***** INPUT FOR THIS TASK *****

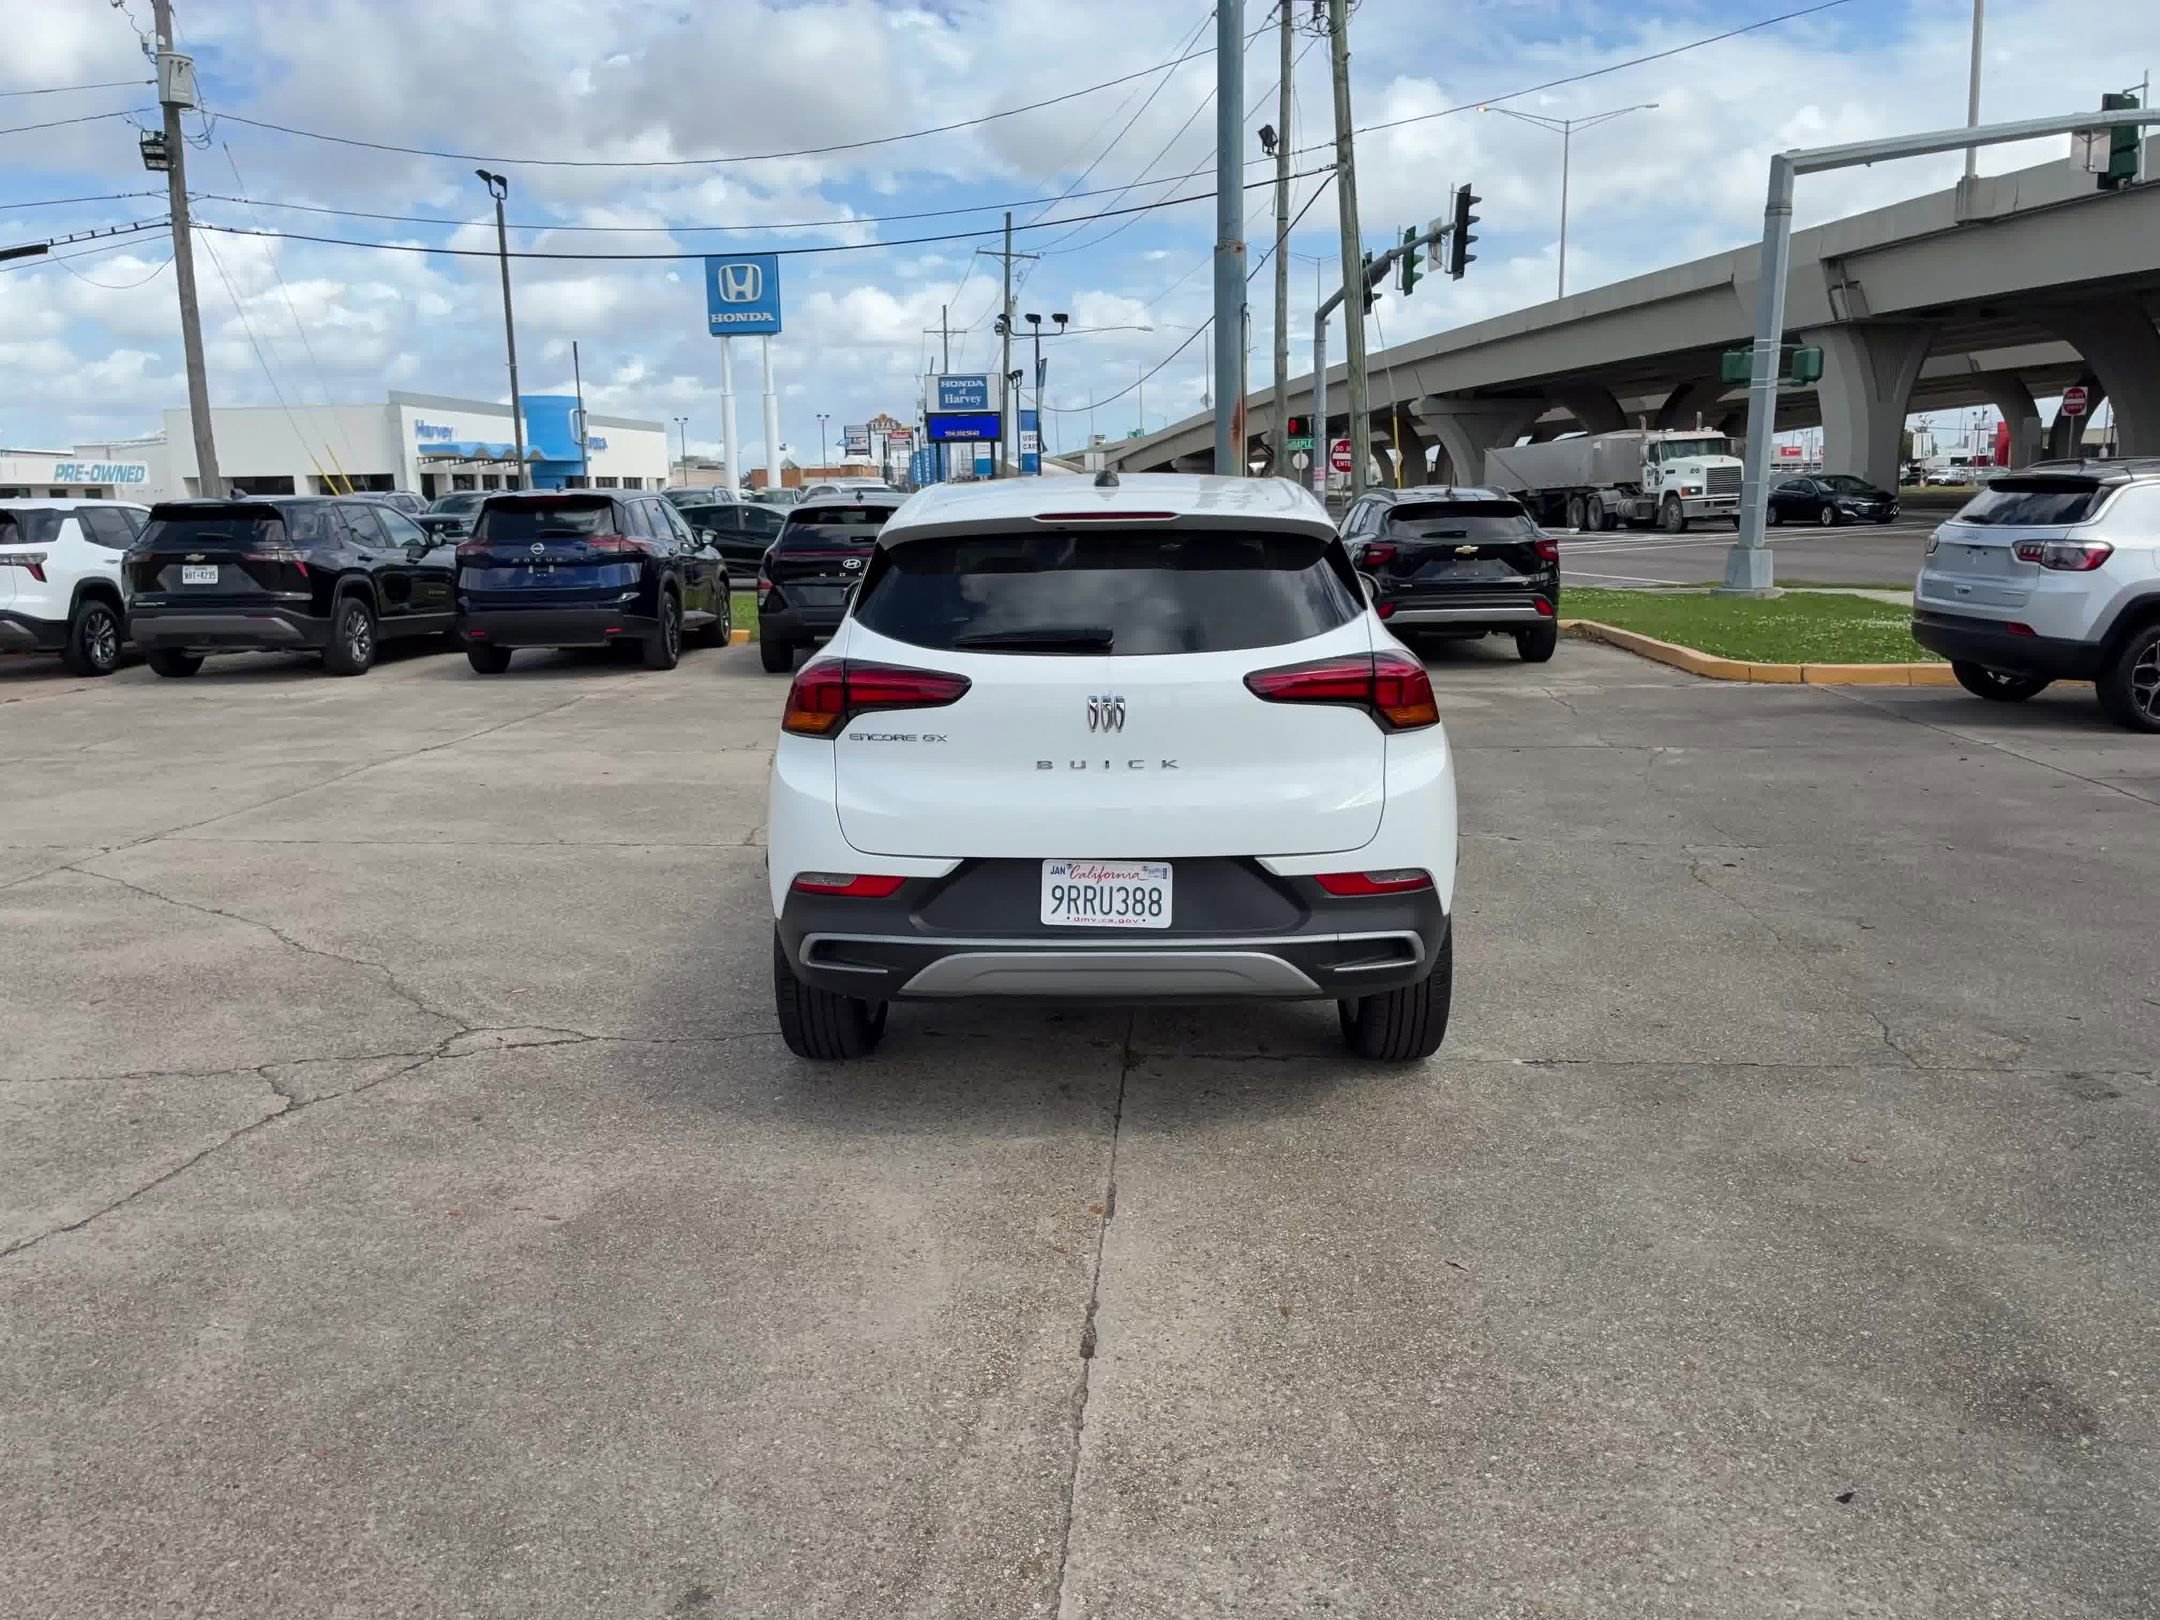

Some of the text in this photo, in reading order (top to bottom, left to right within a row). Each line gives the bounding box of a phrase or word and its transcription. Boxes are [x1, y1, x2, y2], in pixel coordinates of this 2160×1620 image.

[711, 312, 776, 323] HONDA
[944, 394, 982, 405] Harvey
[415, 419, 453, 441] Harvey
[870, 421, 897, 429] TEXAS
[54, 464, 145, 483] PRE-OWNED
[849, 733, 948, 742] ENCORE GX
[1036, 759, 1179, 770] BUICK
[1050, 865, 1066, 875] JAN
[1069, 864, 1149, 884] California
[1051, 884, 1163, 917] 9RRU388

*****

#### EXERCISE DIRECTIONS:
Each entry above must be repeated word for word, minus its images.

#### SOLUTION FOR THIS PROBLEM:
Some of the text in this photo, in reading order (top to bottom, left to right within a row). Each line gives the bounding box of a phrase or word and its transcription. Boxes are [x1, y1, x2, y2], in pixel coordinates of this 2160×1620 image.

[711, 312, 776, 323] HONDA
[944, 394, 982, 405] Harvey
[415, 419, 453, 441] Harvey
[870, 421, 897, 429] TEXAS
[54, 464, 145, 483] PRE-OWNED
[849, 733, 948, 742] ENCORE GX
[1036, 759, 1179, 770] BUICK
[1050, 865, 1066, 875] JAN
[1069, 864, 1149, 884] California
[1051, 884, 1163, 917] 9RRU388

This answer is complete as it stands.